Ces produits sont désormais régis sous le nouveau contrat HCL Master License Agreement (MLA). Ce contrat contient une clause d’audit (alinéa 12). HCL s’y autorise le droit d’auditer un client une fois par an, de faire appel à un tiers, et comme pour IBM, fait perdurer son droit d’audit 2 ans après la fin du contrat ou d’une commande. Toute la question est désormais de savoir si HCL va tout miser sur lancement d’un programme d'audit des logiciels acquis, afin d'optimiser leurs revenus 2020 pour rentabiliser leur achat.
Perplexité autour d’ILMT
Dans sa communication à travers une FAQ, IBM assure que :
- ILMT reste un produit IBM
- ILMT reste gratuit
- ILMT conserve ses règles de suivi obligatoires pour l’éligibilité au Sub Capacity
- ILMT continue de reposer sur BigFix
En juin 2019 les deux éditeurs ont conclu un accord pour que BigFix Inventory continue d’alimenter ILMT. La nouvelle version de BigFix 9.2.16 a dans ce sens été validée par IBM en septembre 2019.

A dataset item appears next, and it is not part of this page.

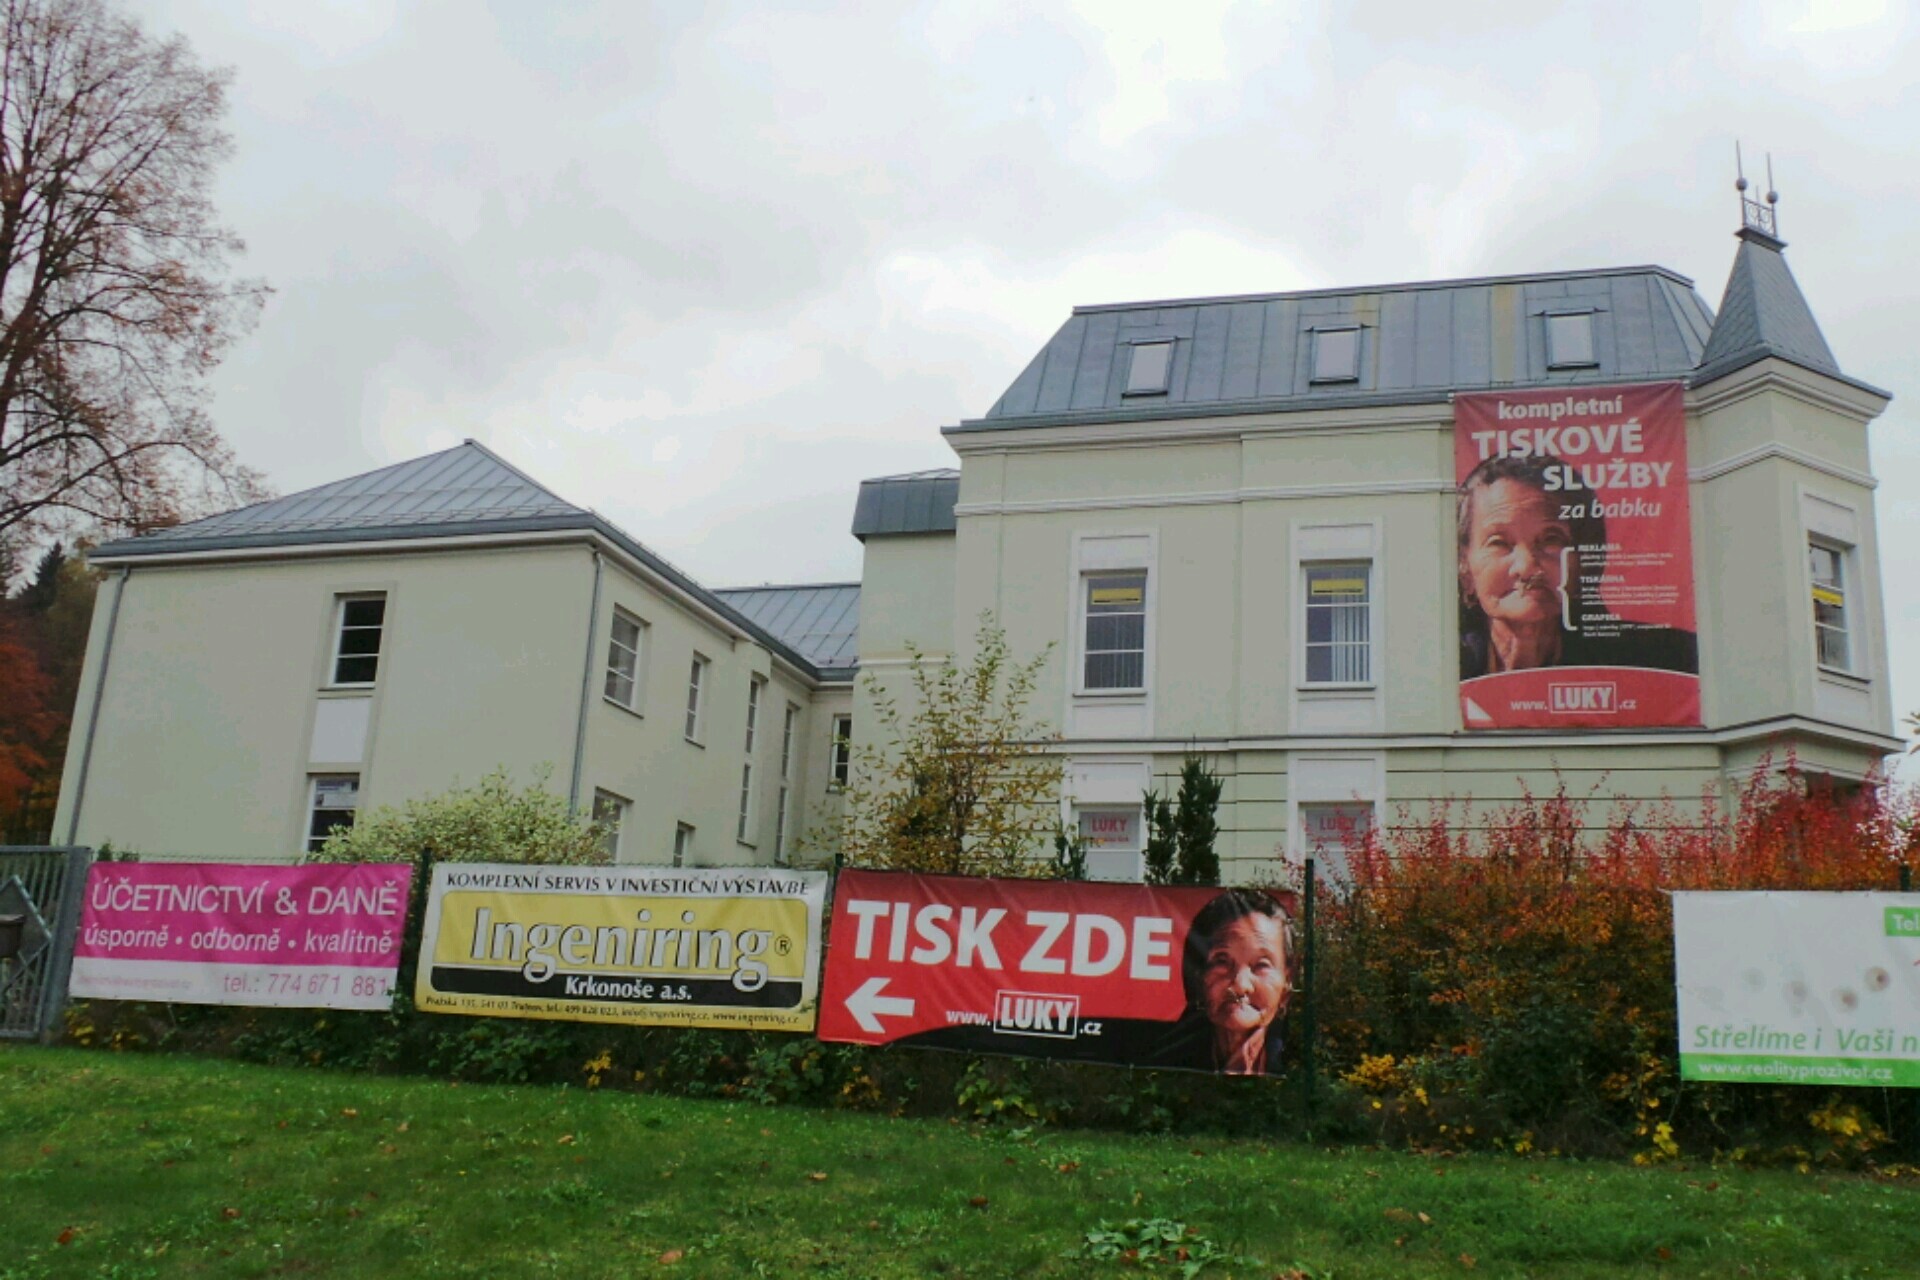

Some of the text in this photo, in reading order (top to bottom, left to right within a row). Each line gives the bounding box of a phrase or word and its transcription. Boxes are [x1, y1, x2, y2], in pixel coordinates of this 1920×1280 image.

Désormais la maintenance et le support d’ILMT continuent d’être régis par IBM, l’update des catalogues, condition indispensable à l’éligibilité du Sub Capacity est régi par HCL. A la complexité de gestion de l’outil ILMT va donc s’ajouter la difficulté de faire coexister BigFix et ILMT en surveillant à la fois l’actualité des mises à jour de HCL et celle d’IBM.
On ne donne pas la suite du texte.